Tierra o corrales
Reivindicamos la cartera de tierras para que volvamos a ocupar nuestro país, ser parte de él, porque hay tierras disponibles e improductivas, porque hay que democratizar el acceso a la tierra.
La cuestión es cómo organizamos la ocupación de nuestro territorio, cómo distribuimos a nuestra gente, lo principal será de forma natural atacando lo esencial en organización de la producción social y sus consecuencias.
La historia de nuestro país y del pueblo latinoamericano es una historia de inmigrantes, de seres expulsados de su tierra.
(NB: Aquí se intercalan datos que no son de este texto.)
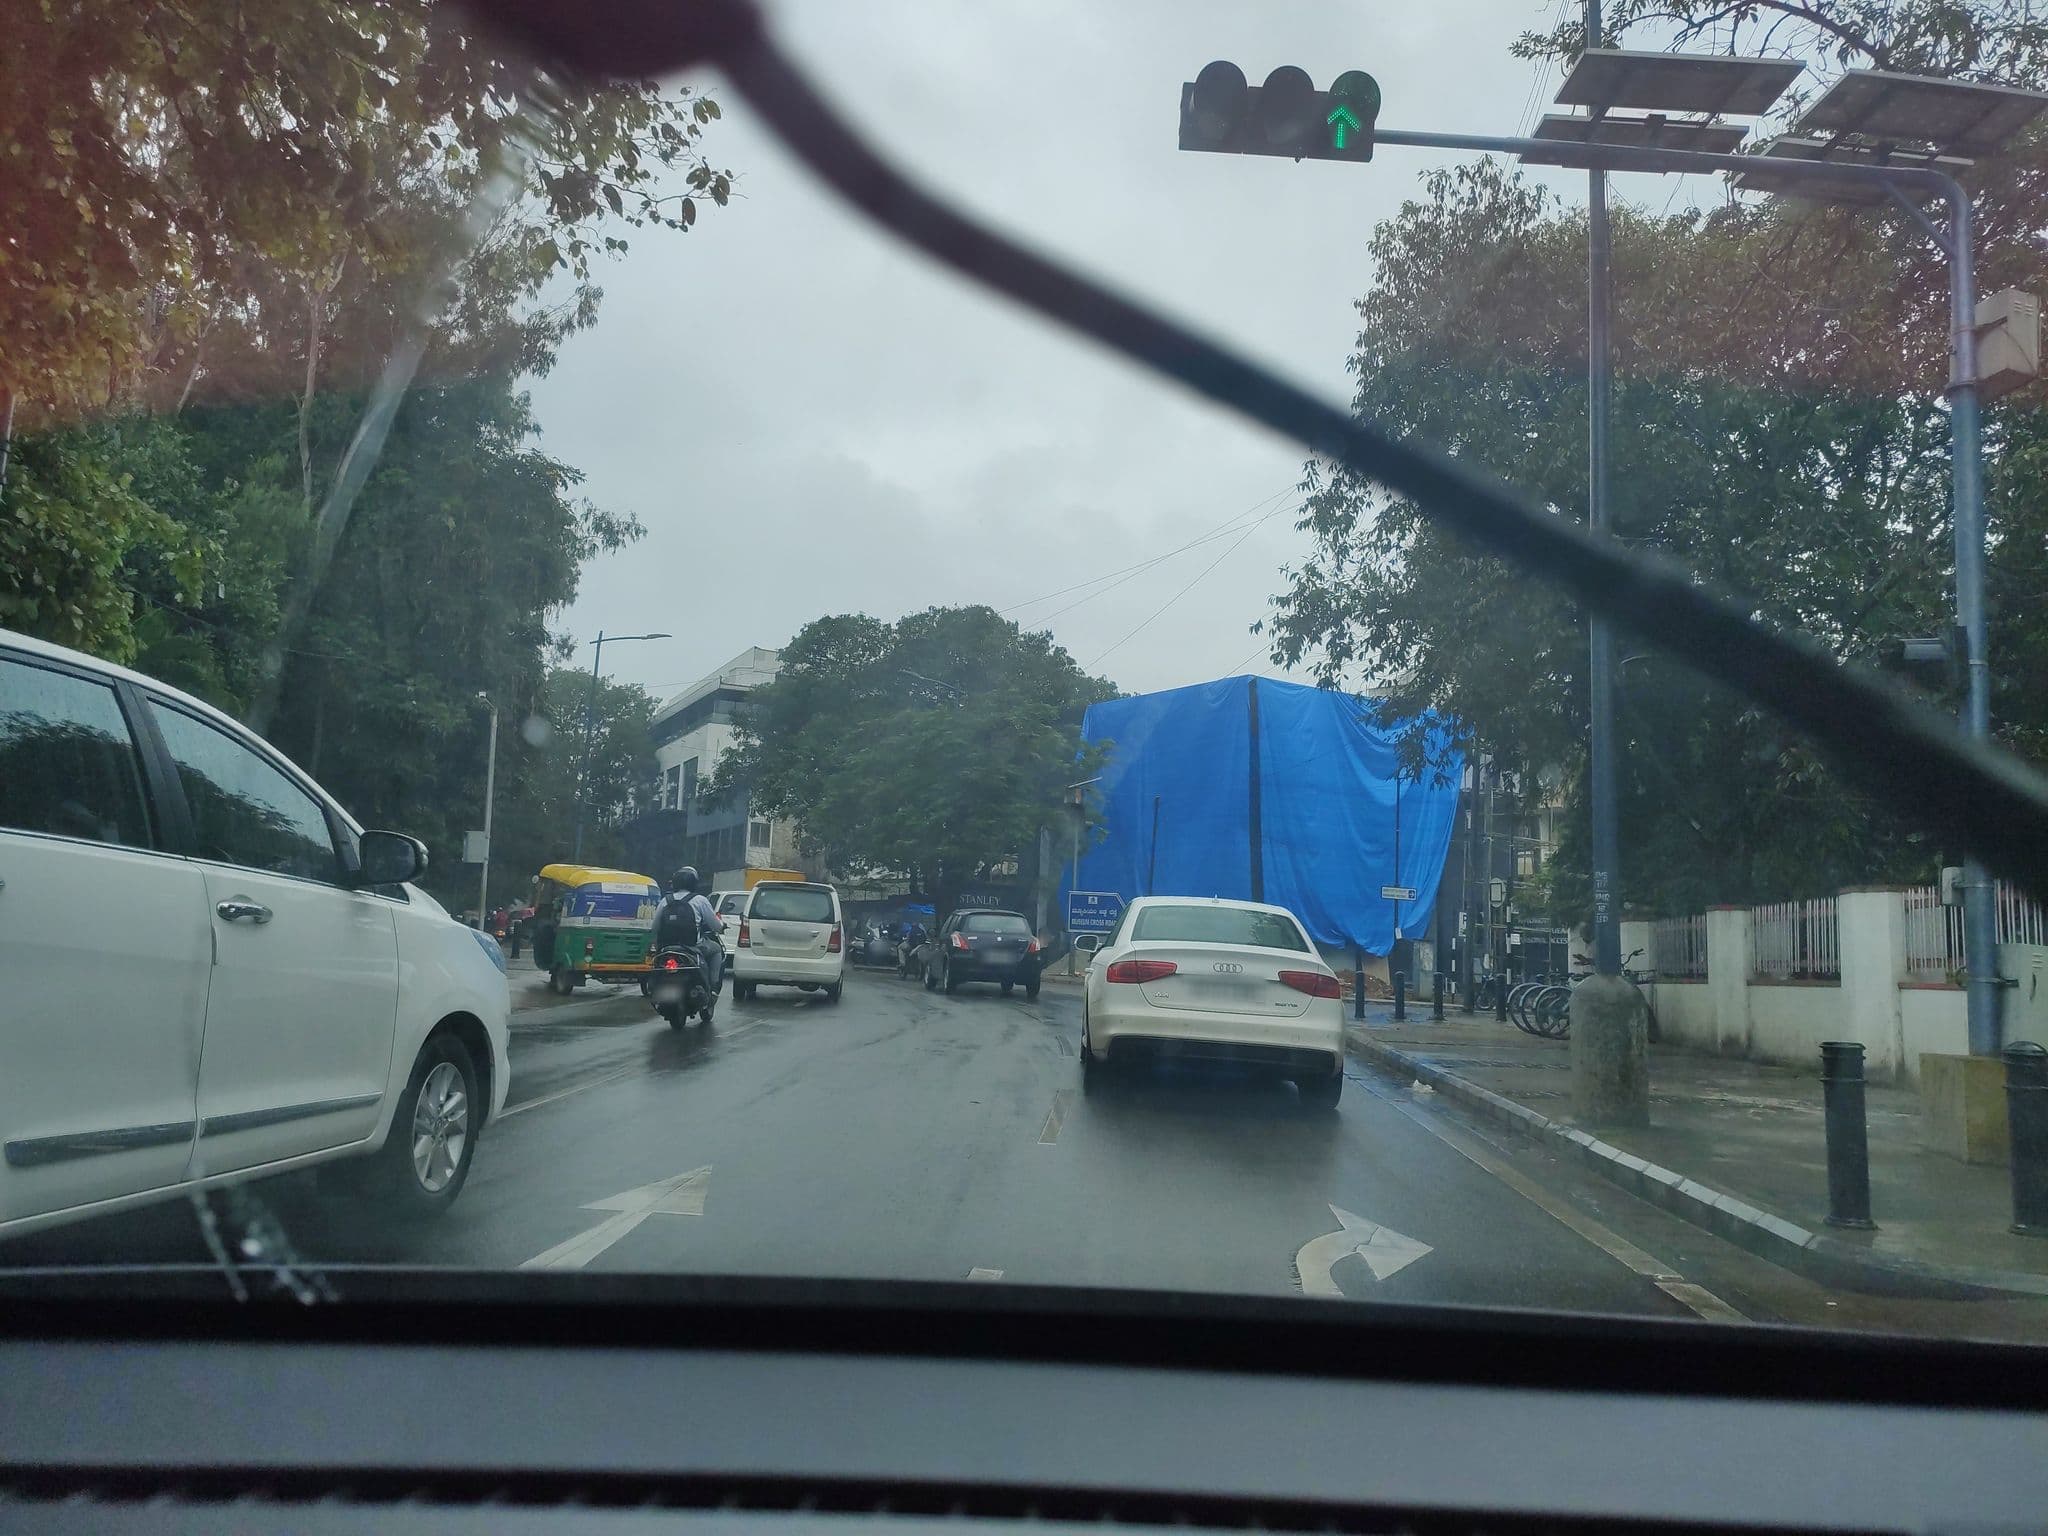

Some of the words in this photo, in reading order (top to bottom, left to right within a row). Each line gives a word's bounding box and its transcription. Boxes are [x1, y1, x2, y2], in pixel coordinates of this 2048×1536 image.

Hay que destacar que de todos los continentes, América es la que registra la menor densidad, o sea, sobra tierra para todos.
En contraposición pasamos 500 años de un lado para otro, siempre relegados y postergados, esto está impregnado por el modelo económico impuesto siempre por la metrópolis de turno, ese modelo es el modo como las clases dominantes organizan la producción y las relaciones sociales en esta sociedad.
Desde Colón hasta 1930, nuestras sociedades coloniales siguieron esas directrices y el papel de nuestro pueblo nativo, era de esclavo o mano de obra barata en minas, en grandes plantaciones explotando azúcar, cuero, café, carne, etc.
La crudeza y brutalidad de esa época llevó a la falta de mano de obra, entonces buscaron a otra parte de nuestro pueblo: millones de africanos traídos prisioneros del otro lado del Atlántico vendidos cual mercancía arrancados de su tierra. Más tarde fueron por la otra parte de nuestro pueblo, los pobres campesinos excluidos de Europa. Ya no había más lugar para ellos allá. El pobre siempre es un estorbo para el desarrollo. Otra vez sin tierras.
Desde 1930 a 1970, ese modelo cayó, las burguesías industriales derrotaron a las oligarquías rurales e implantaron un nuevo modelo en donde vivía el 80% de nuestro pueblo.
Casi todos los países pasaron a tener menos del 30% de su población en medio rural. Un éxodo. América Latina se urbanizó en 40 años, la misma proporción que Europa y EEUU lo hicieron en 250 años.
Inflar la ciudad de mano de obra barata fue el objetivo.
Este modelo no distribuyó riquezas, no sacó a nuestro pueblo de la pobreza y menos desarrolló a nuestro país.
Luego entró en crisis, también al igual que el modelo de abrir nuestro mercado y supeditarnos al capital financiero. El papel que nos brinda éste, es el de emigrar como siempre, España como destino para el Río de la Plata, Buenos Aires para los paraguayos y bolivianos, EEUU para los centroamericanos y millares se transforman en «mulas» para transportar drogas.
¿Para quienes han sido y son nuestras tierras entonces?
Fucvam dice, tierra es más que tierra. Tierra es ciudadanía. Tierra es poder. Tierra es cultura. Tierra es territorio. Tierra es afincamiento, dignidad, trabajo y futuro. Debemos dejar de ser animales que se desplazan de un corral a otro, al arbitrio de los «señores de las tierras».
Estos 5 años no alcanzaron para que la Dirección Nacional de Vivienda visualizara la necesidad de comprar tierras, democratizar su acceso con tierras fiscales en desuso o aquellas que no tendrían costos por sus deudas.
Esto estuvo ausente, no se invirtió siquiera en un terreno donde dar cabida a un quiosco, nada.
Todos deben comprometerse a nivel nacional como lo hizo Tabaré hace 19 años en la Plaza Lafone, otorgando cartera de tierras para Fucvam y todo grupo organizado. Esto merece reafirmarse en tiempos electorales y solo queda la pregunta, ¿lo que fue justicia hace 19 años, por qué no lo es hoy?, ¿por qué no se emula?
Unas cosas pasan y otras quedan, pero los que ya fueron son los que no ven el aumento del déficit habitacional y de tierras, sepamos que no se construyen casas en el aire ni tampoco con el pico como el hornero.
Hay que enfrentar al modelo como forma de evitar criminalizar las luchas por los mas básicos derechos que son por un lugar donde estar en este planeta.
Nuestra movilización que abarcó a cientos de jóvenes en todo el país, es porque éstos quieren afincarse en el entorno de los afectos de los suyos, vivir cerca de ellos, porque no quieren venir de empleadas domésticas a Montevideo, se organizan y resisten para no emigrar a la capital como mano de obra barata a vivir en algún asentamiento.
Profundizar los cambios también significa para nosotros, redireccionar gastos, en vez de gastar 1.000.000 de dólares en publicidad, invertirlos para que la juventud se quede en sus pagos. Por ello, apoyamos a Mujica, concientizando, organizando, movilizando para no seguir paseándonos de corral a corral.